Each entry below must be repeated exactly. Leave the pictures out of it.
[Start of Attachment]
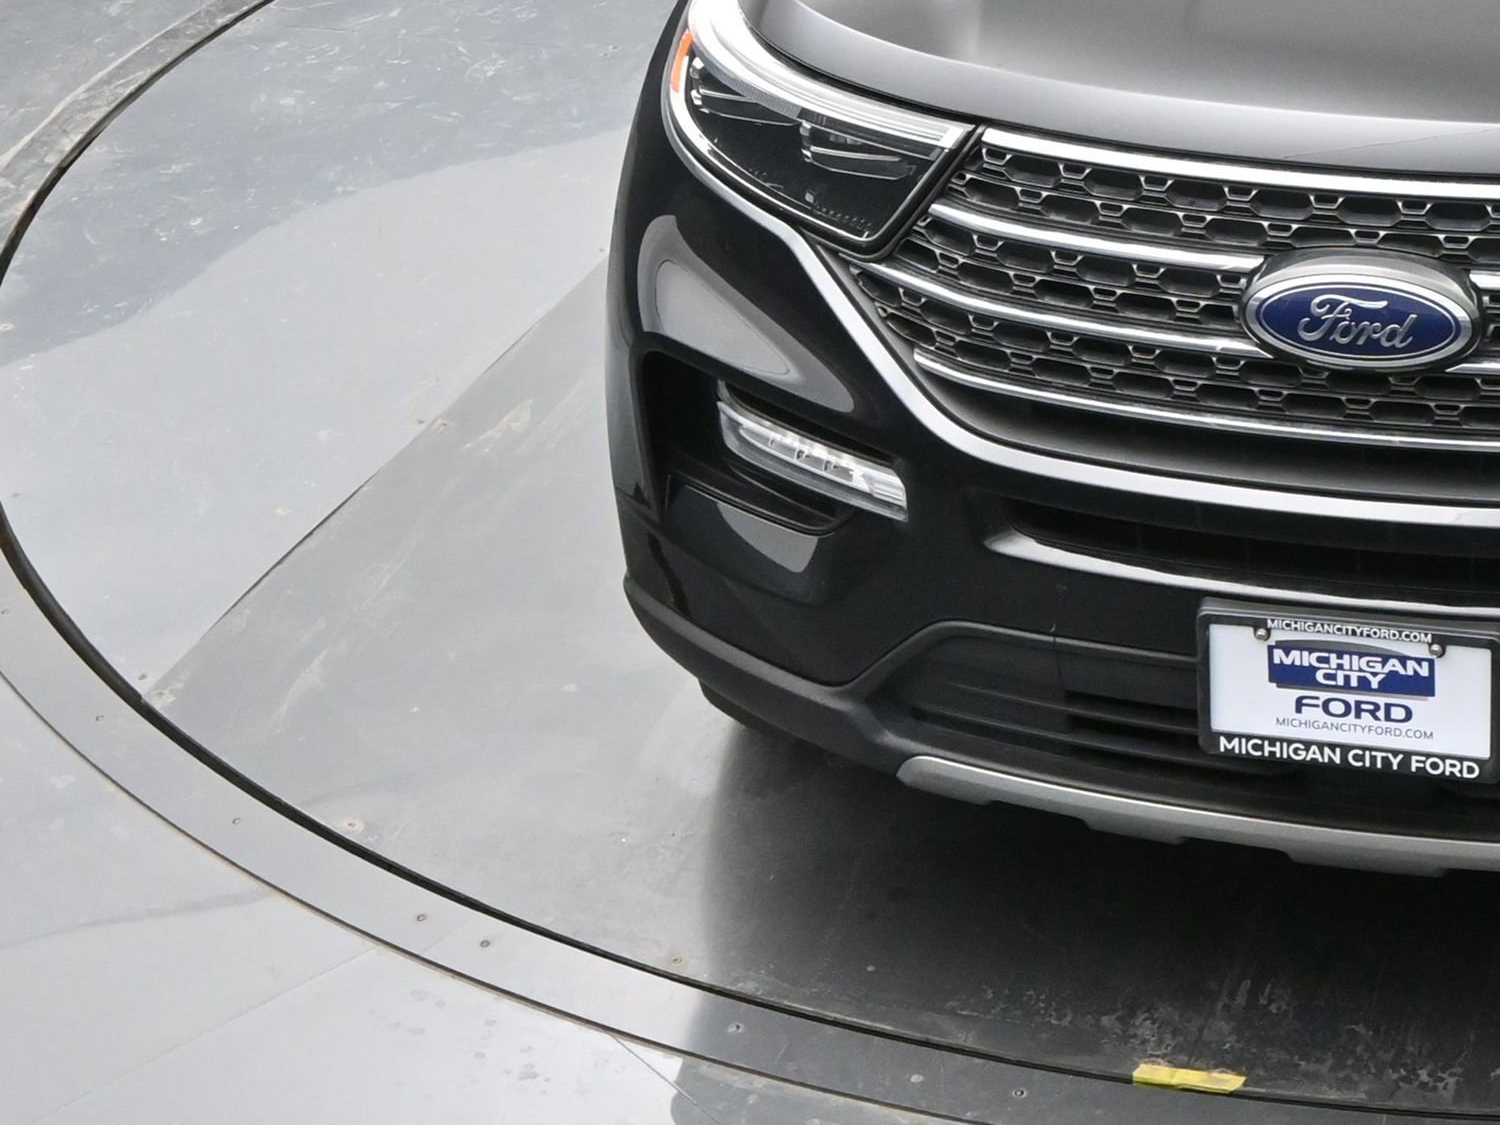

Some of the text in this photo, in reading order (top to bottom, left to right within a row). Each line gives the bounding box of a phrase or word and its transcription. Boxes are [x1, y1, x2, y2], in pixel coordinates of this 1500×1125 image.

[1298, 294, 1418, 348] Ford
[1267, 618, 1432, 644] MICHIGANCITYFORD.COM
[1272, 648, 1430, 677] MICHIGAN
[1315, 669, 1386, 689] CITY
[1295, 695, 1413, 724] FORD
[1275, 717, 1434, 740] MICHIGANCITYFORD.COM
[1219, 736, 1480, 780] MICHIGAN CITY FORD
[End of Attachment]
▸ **Exercise result**:
Some of the text in this photo, in reading order (top to bottom, left to right within a row). Each line gives the bounding box of a phrase or word and its transcription. Boxes are [x1, y1, x2, y2], in pixel coordinates of this 1500×1125 image.

[1298, 294, 1418, 348] Ford
[1267, 618, 1432, 644] MICHIGANCITYFORD.COM
[1272, 648, 1430, 677] MICHIGAN
[1315, 669, 1386, 689] CITY
[1295, 695, 1413, 724] FORD
[1275, 717, 1434, 740] MICHIGANCITYFORD.COM
[1219, 736, 1480, 780] MICHIGAN CITY FORD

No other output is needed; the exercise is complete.